- **Your objective**: Exactly as they stand, write out all of the entries again.

- **Provided data**:
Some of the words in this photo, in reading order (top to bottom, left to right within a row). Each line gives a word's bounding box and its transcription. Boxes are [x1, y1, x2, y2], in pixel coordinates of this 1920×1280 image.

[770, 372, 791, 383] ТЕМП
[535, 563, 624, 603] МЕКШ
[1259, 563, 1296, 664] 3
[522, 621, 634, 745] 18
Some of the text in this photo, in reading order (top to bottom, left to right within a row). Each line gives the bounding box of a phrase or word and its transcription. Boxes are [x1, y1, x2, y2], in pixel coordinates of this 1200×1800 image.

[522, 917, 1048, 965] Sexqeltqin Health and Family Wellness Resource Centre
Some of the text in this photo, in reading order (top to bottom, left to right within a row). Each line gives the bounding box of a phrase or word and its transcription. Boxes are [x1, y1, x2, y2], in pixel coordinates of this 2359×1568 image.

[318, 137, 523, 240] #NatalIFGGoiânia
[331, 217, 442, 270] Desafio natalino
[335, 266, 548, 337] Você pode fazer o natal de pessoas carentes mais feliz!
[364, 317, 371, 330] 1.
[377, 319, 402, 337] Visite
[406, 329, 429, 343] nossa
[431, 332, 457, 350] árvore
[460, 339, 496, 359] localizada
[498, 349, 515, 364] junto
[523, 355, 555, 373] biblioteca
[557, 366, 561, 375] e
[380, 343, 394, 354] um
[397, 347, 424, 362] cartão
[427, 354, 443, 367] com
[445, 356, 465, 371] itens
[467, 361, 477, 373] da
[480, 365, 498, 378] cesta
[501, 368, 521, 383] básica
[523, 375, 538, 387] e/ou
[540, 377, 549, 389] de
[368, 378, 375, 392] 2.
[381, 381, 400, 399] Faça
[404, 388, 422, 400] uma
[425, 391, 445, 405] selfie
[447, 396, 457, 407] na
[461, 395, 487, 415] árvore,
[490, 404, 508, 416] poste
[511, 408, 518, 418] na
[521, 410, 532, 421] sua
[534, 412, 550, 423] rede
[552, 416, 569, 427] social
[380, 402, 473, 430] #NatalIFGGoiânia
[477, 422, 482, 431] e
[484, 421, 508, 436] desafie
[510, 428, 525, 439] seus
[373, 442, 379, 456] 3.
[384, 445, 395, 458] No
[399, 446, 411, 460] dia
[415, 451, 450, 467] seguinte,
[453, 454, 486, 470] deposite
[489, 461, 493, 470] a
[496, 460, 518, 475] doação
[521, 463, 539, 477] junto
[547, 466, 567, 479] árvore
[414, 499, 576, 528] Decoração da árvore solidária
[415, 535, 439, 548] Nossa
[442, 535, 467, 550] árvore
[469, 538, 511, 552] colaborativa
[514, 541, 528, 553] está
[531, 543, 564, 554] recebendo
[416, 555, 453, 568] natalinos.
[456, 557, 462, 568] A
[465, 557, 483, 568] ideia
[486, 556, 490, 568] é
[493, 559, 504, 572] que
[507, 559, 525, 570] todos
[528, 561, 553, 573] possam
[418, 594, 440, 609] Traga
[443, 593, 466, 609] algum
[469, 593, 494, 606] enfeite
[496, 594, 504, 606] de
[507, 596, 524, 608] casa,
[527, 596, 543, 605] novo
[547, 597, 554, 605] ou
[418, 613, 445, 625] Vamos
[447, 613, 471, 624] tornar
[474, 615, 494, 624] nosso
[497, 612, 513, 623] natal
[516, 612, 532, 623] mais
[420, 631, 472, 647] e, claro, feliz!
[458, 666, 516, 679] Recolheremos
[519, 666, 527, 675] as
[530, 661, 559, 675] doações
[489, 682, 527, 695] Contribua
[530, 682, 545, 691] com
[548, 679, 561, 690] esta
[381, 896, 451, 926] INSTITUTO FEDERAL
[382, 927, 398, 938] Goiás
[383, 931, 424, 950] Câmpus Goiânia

- **Solution**:
Some of the words in this photo, in reading order (top to bottom, left to right within a row). Each line gives a word's bounding box and its transcription. Boxes are [x1, y1, x2, y2], in pixel coordinates of this 1920×1280 image.

[770, 372, 791, 383] ТЕМП
[535, 563, 624, 603] МЕКШ
[1259, 563, 1296, 664] 3
[522, 621, 634, 745] 18
Some of the text in this photo, in reading order (top to bottom, left to right within a row). Each line gives the bounding box of a phrase or word and its transcription. Boxes are [x1, y1, x2, y2], in pixel coordinates of this 1200×1800 image.

[522, 917, 1048, 965] Sexqeltqin Health and Family Wellness Resource Centre
Some of the text in this photo, in reading order (top to bottom, left to right within a row). Each line gives the bounding box of a phrase or word and its transcription. Boxes are [x1, y1, x2, y2], in pixel coordinates of this 2359×1568 image.

[318, 137, 523, 240] #NatalIFGGoiânia
[331, 217, 442, 270] Desafio natalino
[335, 266, 548, 337] Você pode fazer o natal de pessoas carentes mais feliz!
[364, 317, 371, 330] 1.
[377, 319, 402, 337] Visite
[406, 329, 429, 343] nossa
[431, 332, 457, 350] árvore
[460, 339, 496, 359] localizada
[498, 349, 515, 364] junto
[523, 355, 555, 373] biblioteca
[557, 366, 561, 375] e
[380, 343, 394, 354] um
[397, 347, 424, 362] cartão
[427, 354, 443, 367] com
[445, 356, 465, 371] itens
[467, 361, 477, 373] da
[480, 365, 498, 378] cesta
[501, 368, 521, 383] básica
[523, 375, 538, 387] e/ou
[540, 377, 549, 389] de
[368, 378, 375, 392] 2.
[381, 381, 400, 399] Faça
[404, 388, 422, 400] uma
[425, 391, 445, 405] selfie
[447, 396, 457, 407] na
[461, 395, 487, 415] árvore,
[490, 404, 508, 416] poste
[511, 408, 518, 418] na
[521, 410, 532, 421] sua
[534, 412, 550, 423] rede
[552, 416, 569, 427] social
[380, 402, 473, 430] #NatalIFGGoiânia
[477, 422, 482, 431] e
[484, 421, 508, 436] desafie
[510, 428, 525, 439] seus
[373, 442, 379, 456] 3.
[384, 445, 395, 458] No
[399, 446, 411, 460] dia
[415, 451, 450, 467] seguinte,
[453, 454, 486, 470] deposite
[489, 461, 493, 470] a
[496, 460, 518, 475] doação
[521, 463, 539, 477] junto
[547, 466, 567, 479] árvore
[414, 499, 576, 528] Decoração da árvore solidária
[415, 535, 439, 548] Nossa
[442, 535, 467, 550] árvore
[469, 538, 511, 552] colaborativa
[514, 541, 528, 553] está
[531, 543, 564, 554] recebendo
[416, 555, 453, 568] natalinos.
[456, 557, 462, 568] A
[465, 557, 483, 568] ideia
[486, 556, 490, 568] é
[493, 559, 504, 572] que
[507, 559, 525, 570] todos
[528, 561, 553, 573] possam
[418, 594, 440, 609] Traga
[443, 593, 466, 609] algum
[469, 593, 494, 606] enfeite
[496, 594, 504, 606] de
[507, 596, 524, 608] casa,
[527, 596, 543, 605] novo
[547, 597, 554, 605] ou
[418, 613, 445, 625] Vamos
[447, 613, 471, 624] tornar
[474, 615, 494, 624] nosso
[497, 612, 513, 623] natal
[516, 612, 532, 623] mais
[420, 631, 472, 647] e, claro, feliz!
[458, 666, 516, 679] Recolheremos
[519, 666, 527, 675] as
[530, 661, 559, 675] doações
[489, 682, 527, 695] Contribua
[530, 682, 545, 691] com
[548, 679, 561, 690] esta
[381, 896, 451, 926] INSTITUTO FEDERAL
[382, 927, 398, 938] Goiás
[383, 931, 424, 950] Câmpus Goiânia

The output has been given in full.